_What you need to do_
Each entry is to be given again exactly; drop the images.

***

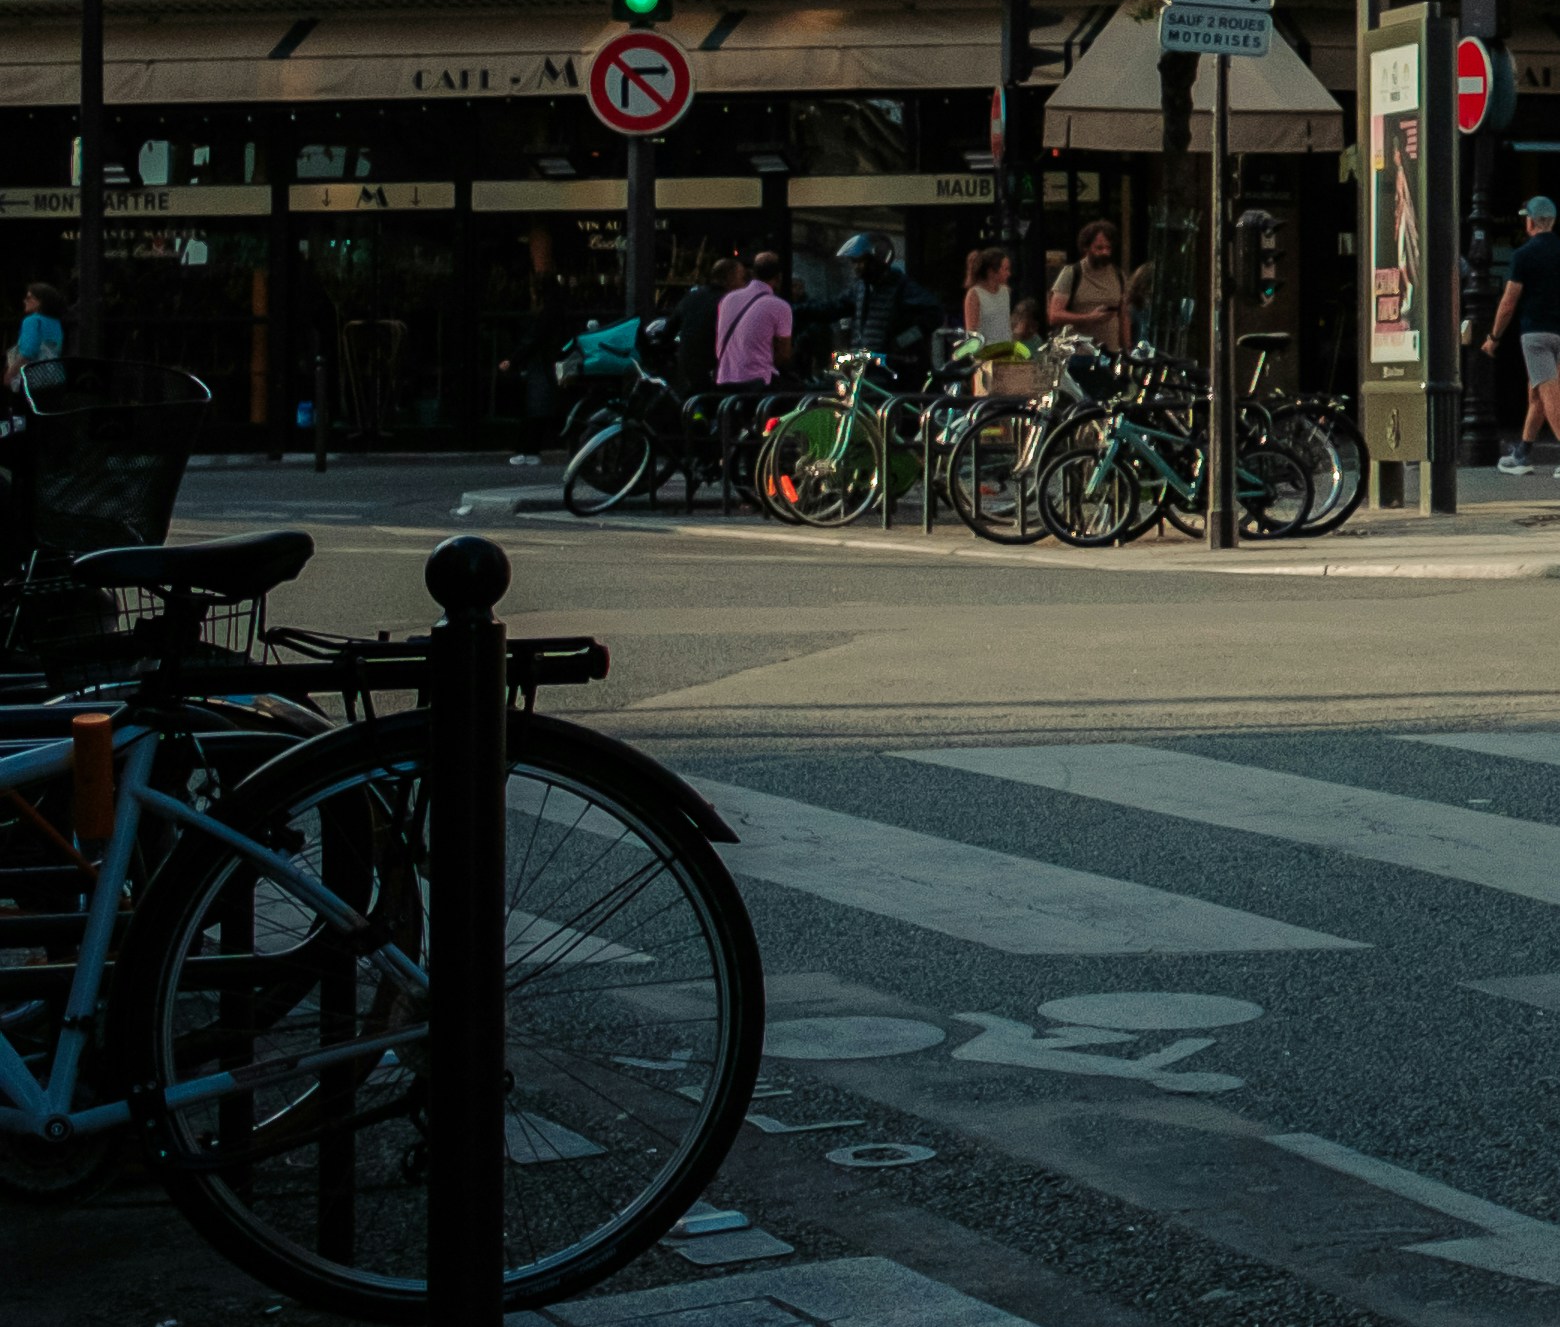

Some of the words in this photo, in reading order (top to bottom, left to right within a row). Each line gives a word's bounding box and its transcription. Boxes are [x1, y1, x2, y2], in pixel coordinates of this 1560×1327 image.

[1167, 12, 1204, 27] SAUF
[1207, 16, 1216, 28] 2
[1218, 17, 1266, 32] ROUES
[34, 191, 169, 213] MONARTRE
[357, 186, 388, 208] M
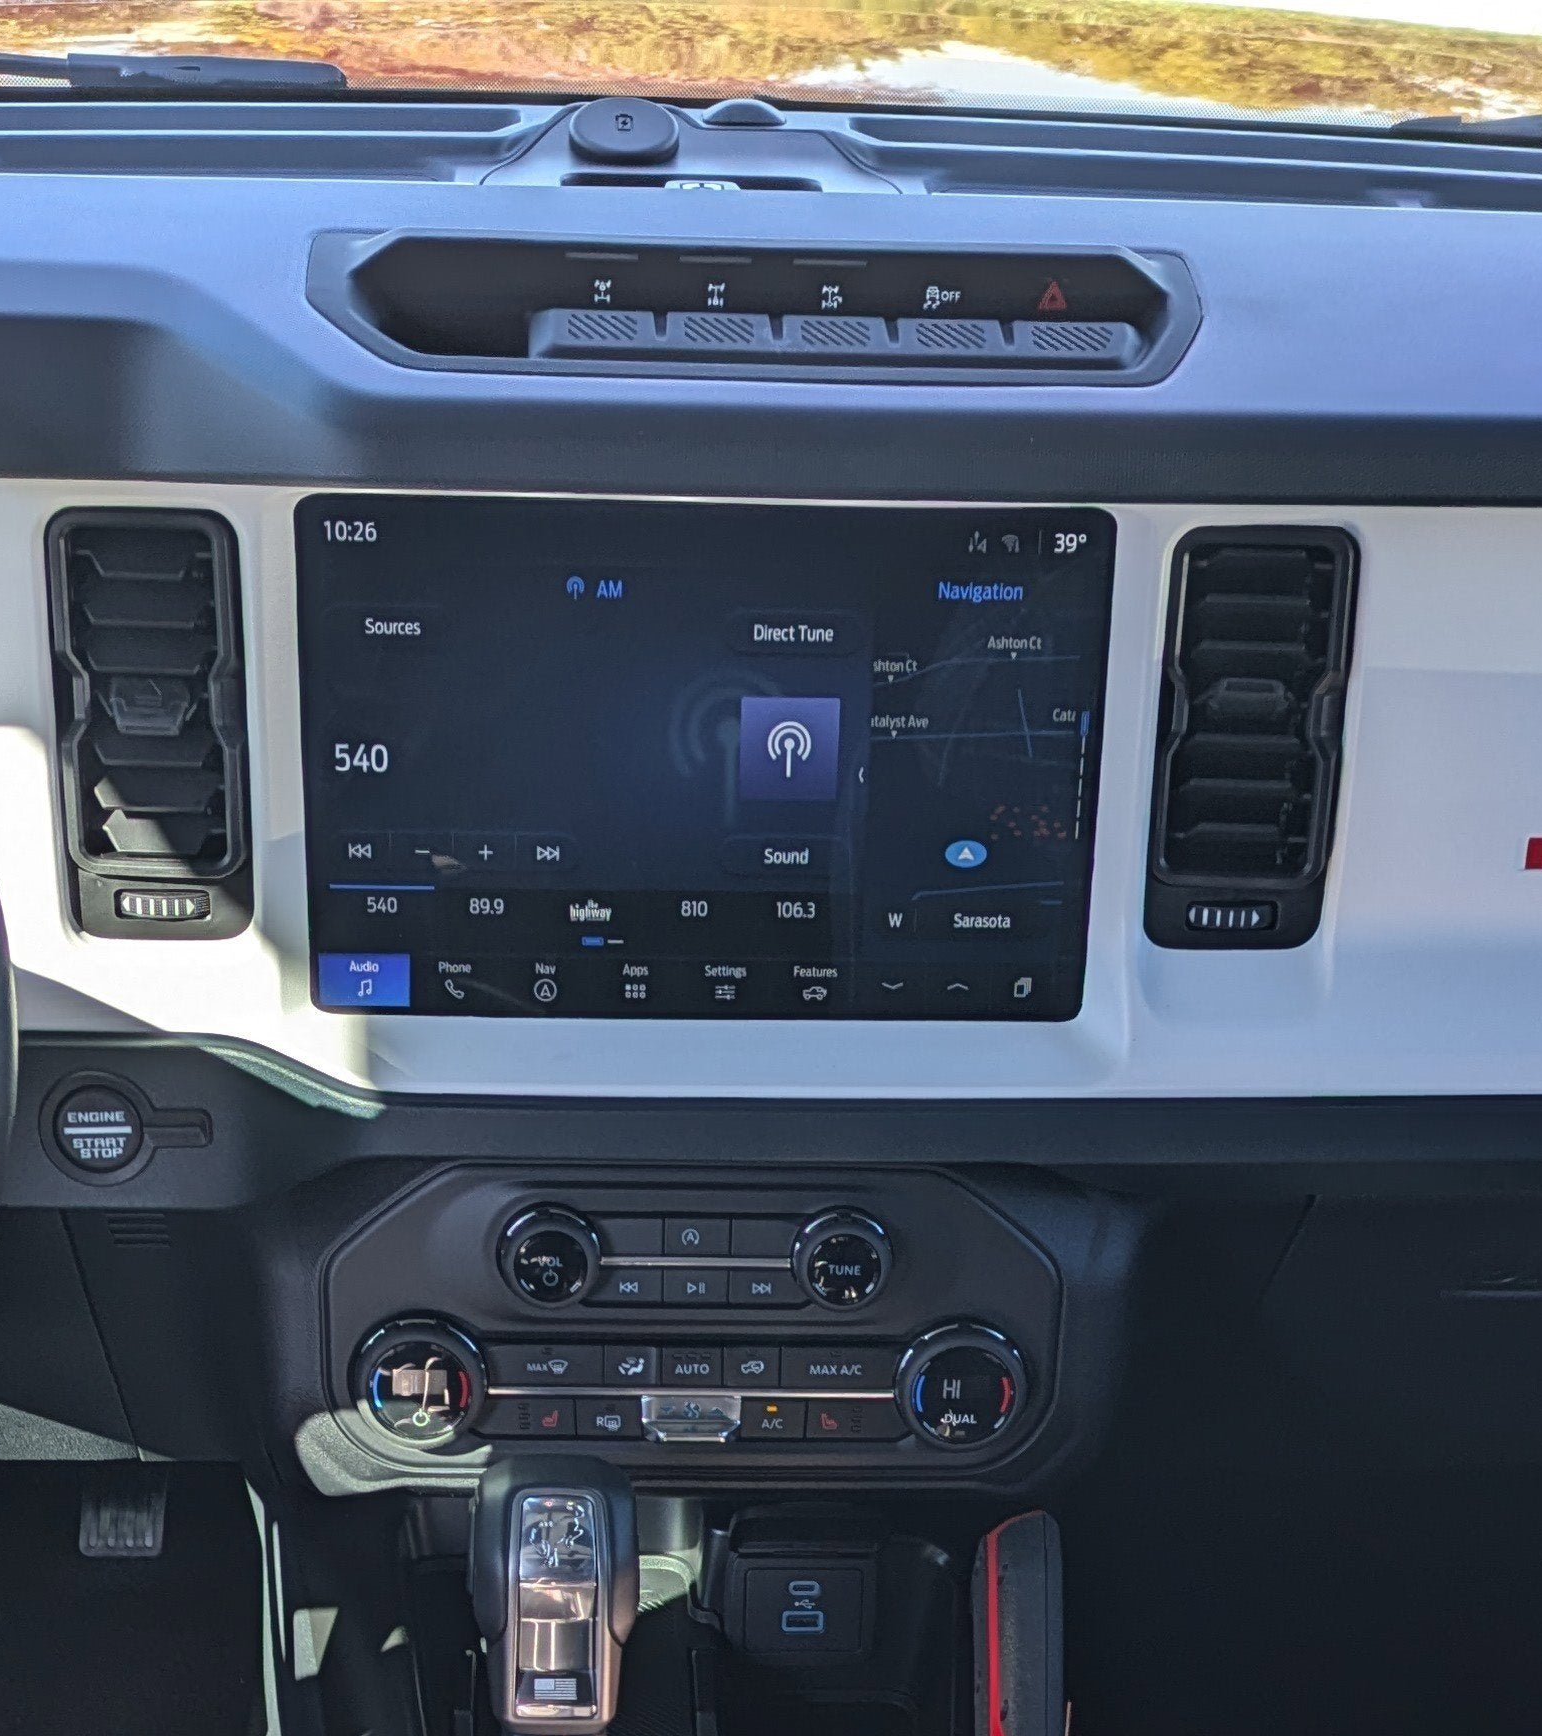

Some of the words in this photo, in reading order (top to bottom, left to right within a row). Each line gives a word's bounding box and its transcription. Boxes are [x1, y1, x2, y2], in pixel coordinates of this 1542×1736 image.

[941, 291, 961, 303] OFF
[323, 520, 377, 542] 10:26
[1054, 533, 1087, 554] 39°
[596, 580, 623, 598] AM
[938, 581, 1024, 603] Navigation
[364, 618, 421, 636] Sources
[754, 624, 795, 642] Direct
[798, 624, 834, 643] Tune
[988, 635, 1027, 650] Ashton
[1029, 636, 1042, 650] Ct
[905, 659, 918, 673] Ct
[908, 715, 929, 729] Ave
[334, 743, 389, 773] 540
[764, 847, 809, 866] Sound
[366, 897, 398, 914] 540
[469, 898, 504, 915] 89.9
[569, 903, 612, 922] highway
[681, 901, 708, 917] 810
[776, 902, 816, 919] 106.3
[888, 913, 903, 928] W
[953, 913, 1011, 929] Sarasota
[349, 961, 380, 974] Audio
[438, 961, 472, 974] Phone
[535, 962, 556, 975] Nav
[623, 963, 649, 978] Apps
[704, 964, 747, 979] Settings
[793, 964, 838, 979] Features
[67, 1111, 125, 1123] ENGINE
[73, 1137, 127, 1149] START
[80, 1147, 124, 1159] STOP
[538, 1255, 563, 1267] VOL
[828, 1265, 861, 1277] TUNE
[527, 1362, 548, 1373] MAX
[675, 1363, 710, 1375] AUTO
[810, 1364, 837, 1375] MAX
[840, 1364, 863, 1376] A/C
[762, 1418, 783, 1430] A/C
[943, 1412, 977, 1425] DUAL

***

_Response below_
Some of the words in this photo, in reading order (top to bottom, left to right within a row). Each line gives a word's bounding box and its transcription. Boxes are [x1, y1, x2, y2], in pixel coordinates of this 1560×1327 image.

[1167, 12, 1204, 27] SAUF
[1207, 16, 1216, 28] 2
[1218, 17, 1266, 32] ROUES
[34, 191, 169, 213] MONARTRE
[357, 186, 388, 208] M

Some of the words in this photo, in reading order (top to bottom, left to right within a row). Each line gives a word's bounding box and its transcription. Boxes are [x1, y1, x2, y2], in pixel coordinates of this 1542×1736 image.

[941, 291, 961, 303] OFF
[323, 520, 377, 542] 10:26
[1054, 533, 1087, 554] 39°
[596, 580, 623, 598] AM
[938, 581, 1024, 603] Navigation
[364, 618, 421, 636] Sources
[754, 624, 795, 642] Direct
[798, 624, 834, 643] Tune
[988, 635, 1027, 650] Ashton
[1029, 636, 1042, 650] Ct
[905, 659, 918, 673] Ct
[908, 715, 929, 729] Ave
[334, 743, 389, 773] 540
[764, 847, 809, 866] Sound
[366, 897, 398, 914] 540
[469, 898, 504, 915] 89.9
[569, 903, 612, 922] highway
[681, 901, 708, 917] 810
[776, 902, 816, 919] 106.3
[888, 913, 903, 928] W
[953, 913, 1011, 929] Sarasota
[349, 961, 380, 974] Audio
[438, 961, 472, 974] Phone
[535, 962, 556, 975] Nav
[623, 963, 649, 978] Apps
[704, 964, 747, 979] Settings
[793, 964, 838, 979] Features
[67, 1111, 125, 1123] ENGINE
[73, 1137, 127, 1149] START
[80, 1147, 124, 1159] STOP
[538, 1255, 563, 1267] VOL
[828, 1265, 861, 1277] TUNE
[527, 1362, 548, 1373] MAX
[675, 1363, 710, 1375] AUTO
[810, 1364, 837, 1375] MAX
[840, 1364, 863, 1376] A/C
[762, 1418, 783, 1430] A/C
[943, 1412, 977, 1425] DUAL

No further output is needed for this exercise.